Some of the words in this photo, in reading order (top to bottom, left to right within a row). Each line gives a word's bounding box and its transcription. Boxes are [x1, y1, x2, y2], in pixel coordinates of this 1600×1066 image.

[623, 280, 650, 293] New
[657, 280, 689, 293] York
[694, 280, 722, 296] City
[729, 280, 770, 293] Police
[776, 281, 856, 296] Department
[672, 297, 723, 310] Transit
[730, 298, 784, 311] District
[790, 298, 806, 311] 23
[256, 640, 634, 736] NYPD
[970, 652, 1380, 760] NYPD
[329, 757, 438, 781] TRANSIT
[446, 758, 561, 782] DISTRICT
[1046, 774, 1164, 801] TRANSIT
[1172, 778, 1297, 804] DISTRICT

• Exercise directions
Write the data above out again in full, with every word as given.

• Output
Some of the words in this photo, in reading order (top to bottom, left to right within a row). Each line gives a word's bounding box and its transcription. Boxes are [x1, y1, x2, y2], in pixel coordinates of this 1600×1066 image.

[623, 280, 650, 293] New
[657, 280, 689, 293] York
[694, 280, 722, 296] City
[729, 280, 770, 293] Police
[776, 281, 856, 296] Department
[672, 297, 723, 310] Transit
[730, 298, 784, 311] District
[790, 298, 806, 311] 23
[256, 640, 634, 736] NYPD
[970, 652, 1380, 760] NYPD
[329, 757, 438, 781] TRANSIT
[446, 758, 561, 782] DISTRICT
[1046, 774, 1164, 801] TRANSIT
[1172, 778, 1297, 804] DISTRICT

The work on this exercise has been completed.